Jason sat for a moment with his head down. He appeared to be deep in thought. Finally, he lifted his head and looked at Mike and smiled. “Ok,” he said.
Mike tried to put the truck in gear and realized it had died. He turned the key and the ancient engine rumbled to life. Easing out into traffic, Mike asked, “So, we cool?”
Jason just kept smiling in that blissfully blank way he had and said, “Yeah.”
They came to the outskirts of town and turned down a narrow, roughly-paved road. Old trees lined either side of the lane, their branches forming a gloomy tunnel that led to Kim’s lonely little house. When they pulled into Kim’s driveway, Mike groaned. There, parked between Kim’s beat-up Nissan and Chuck’s Jeep was Ashley’s bright green Mustang. He pulled in behind the Nissan and parked. As he and Jason walked toward the side door, one of Kim’s many cats – a black one – darted across the walkway. Mike looked up from noticing the cat and caught sight of the upside down horseshoe over the door. A chill rippled up his neck even as he scornfully dismissed the sudden fear that shot through his mind. He looked over his shoulder. Jason’s eyes were starting to bulge again and he was sweating profusely despite the cool fall air. Mike shook himself and let out a nervous laugh. “We just need to get high, man, that’s all.” He reached up and knocked on the door.
The pungent aroma of burning incense greeted them first as the door swung inward. Kim stepped out of the gloom inside wearing a long black dress with a wide, flowing skirt. “Boo!” She stared at the odd looks on their faces, then threw her head back and laughed. “You should see your faces!” She gasped between giggles. “You look like you seen a ghost! Get inside!” She ushered Mike and Jason inside to where Chuck, Ashley, and Ashley’s boyfriend Paul were sprawled out in the dark living room. Heavy curtains were drawn over the room’s only window leaving thin cracks of the sun’s last rays to draw lines in the smoke before dancing across where Ashley and Paul were tangled together on the couch. The tray of lit candles on the coffee table cast weird, dancing shadows in the hanging smoke. Chuck and Kim were sharing the love seat, so Jason perched on a barstool he dragged in from the kitchen and Mike folded himself into the big papasan chair.

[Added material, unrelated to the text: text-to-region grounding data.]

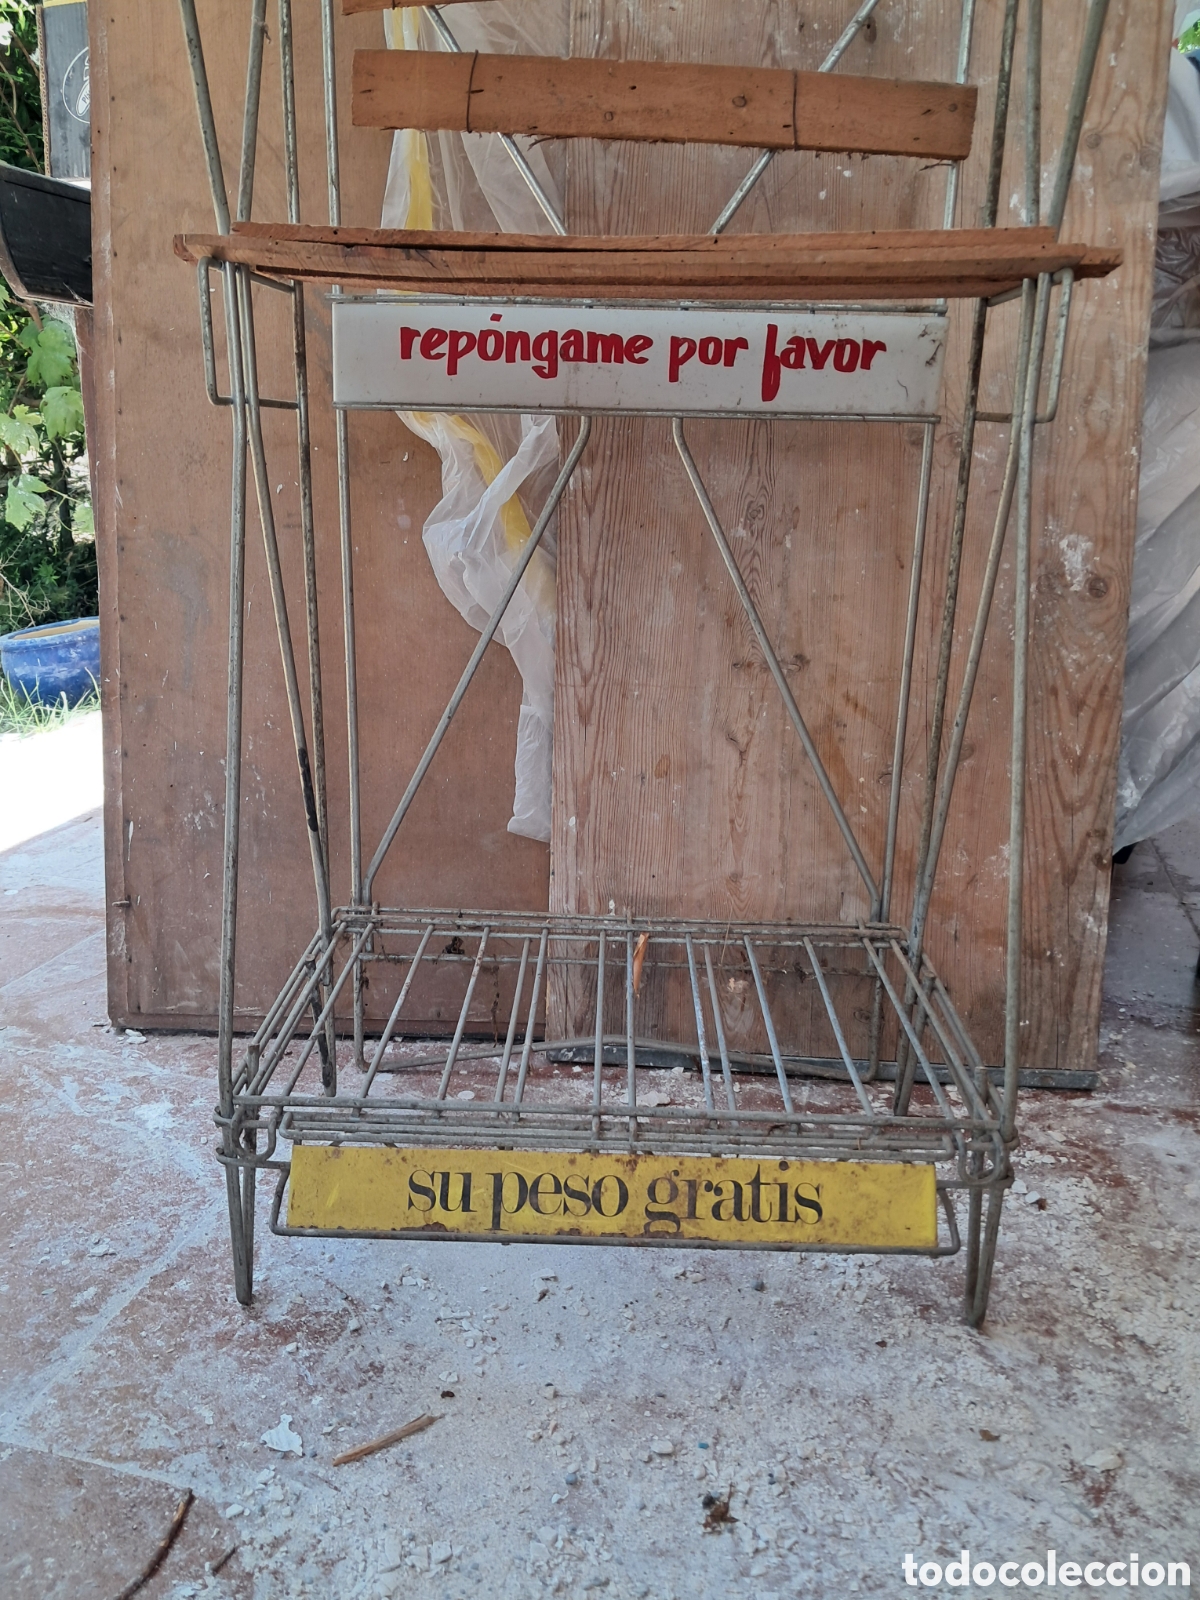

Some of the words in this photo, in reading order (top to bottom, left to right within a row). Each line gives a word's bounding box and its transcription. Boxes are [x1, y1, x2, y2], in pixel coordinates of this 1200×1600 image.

[400, 313, 654, 379] repóngame
[668, 336, 749, 383] por
[761, 323, 887, 402] favor
[407, 1169, 478, 1213] su
[484, 1171, 630, 1231] peso
[643, 1160, 824, 1236] gratis

Chuck relit the cylindrical pipe he was holding and passed it to Mike. Mike took a long, deep hit off it and handed it off to Jason. He held the smoke in his lungs for several seconds before exhaling through his nose. The familiar delicious tingle immediately flowed to the tips of his fingers and toes and his lips. Twin plumes of smoke emitted from his nostrils, and in the growing euphoria settling over him he thought they looked like a dragon’s breath. The pipe came around to him again and he took another satisfying hit.

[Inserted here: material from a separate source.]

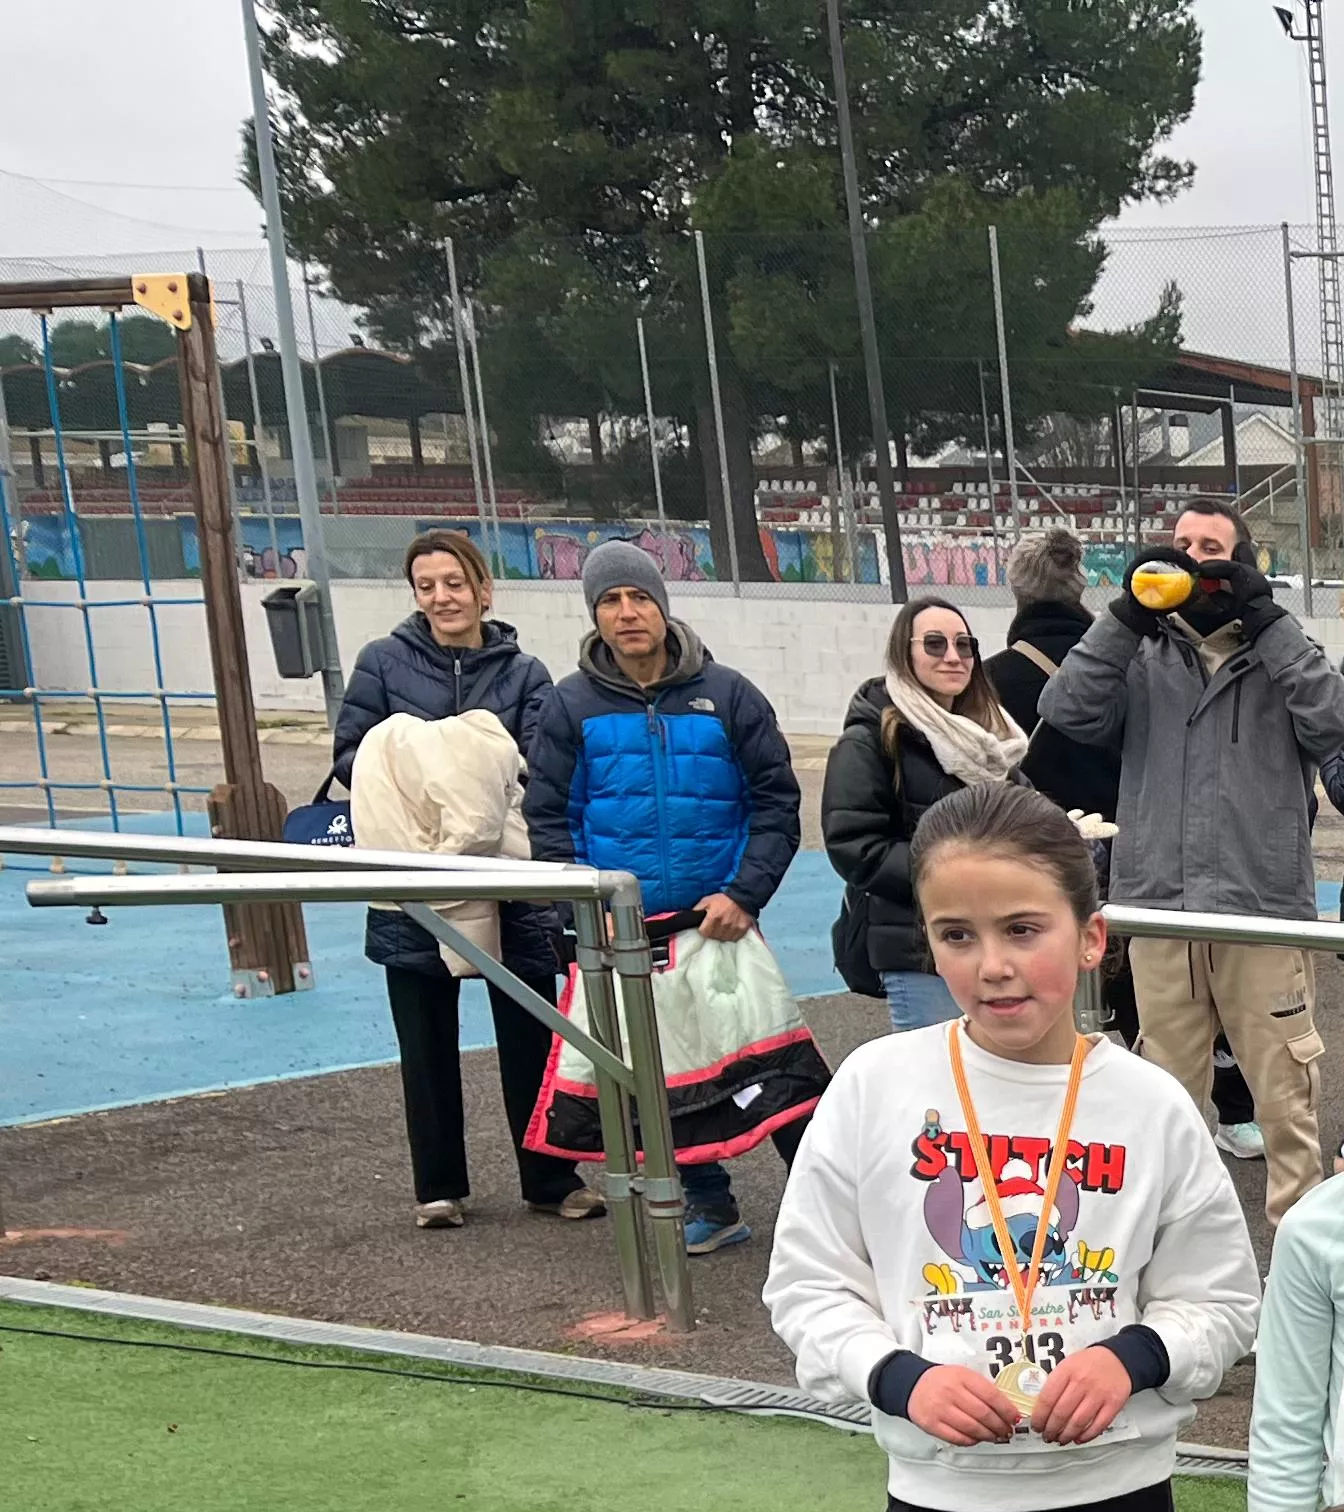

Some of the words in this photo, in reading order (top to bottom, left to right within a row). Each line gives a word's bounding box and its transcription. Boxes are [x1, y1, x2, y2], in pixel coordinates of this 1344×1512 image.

[311, 835, 353, 844] BENETTO
[978, 1306, 1004, 1320] San
[985, 1332, 1066, 1379] 313

Conversation in the room drifted into silence as the pipe continued to make the circle. Mike stared vacantly at the muted old console TV, trying to make sense of the fast-moving images. His gaze wandered to the top of the set, and the relaxed, comfortable fog in which his brain had been lolling parted. There, on top of the set, was a large, black, leather-bound book with odd symbols on the cover. He blinked several times trying to focus on the unfamiliar characters. He turned to look at Kim and was startled to see her staring at him, a curious look on her face. Something about her gaze disturbed Mike and he looked away quickly.
Ashley must have seen him looking at the book, too, because she suddenly broke the silence. “Hey, Kim, what’s that book on top of the TV?” Her voice was light and casual but there was a derisive undertone to it.
Kim arched one eyebrow before she answered. “It’s Aleister Crowley’s Book of the Law,” she said, her icy tone daring Ashley to inquire further.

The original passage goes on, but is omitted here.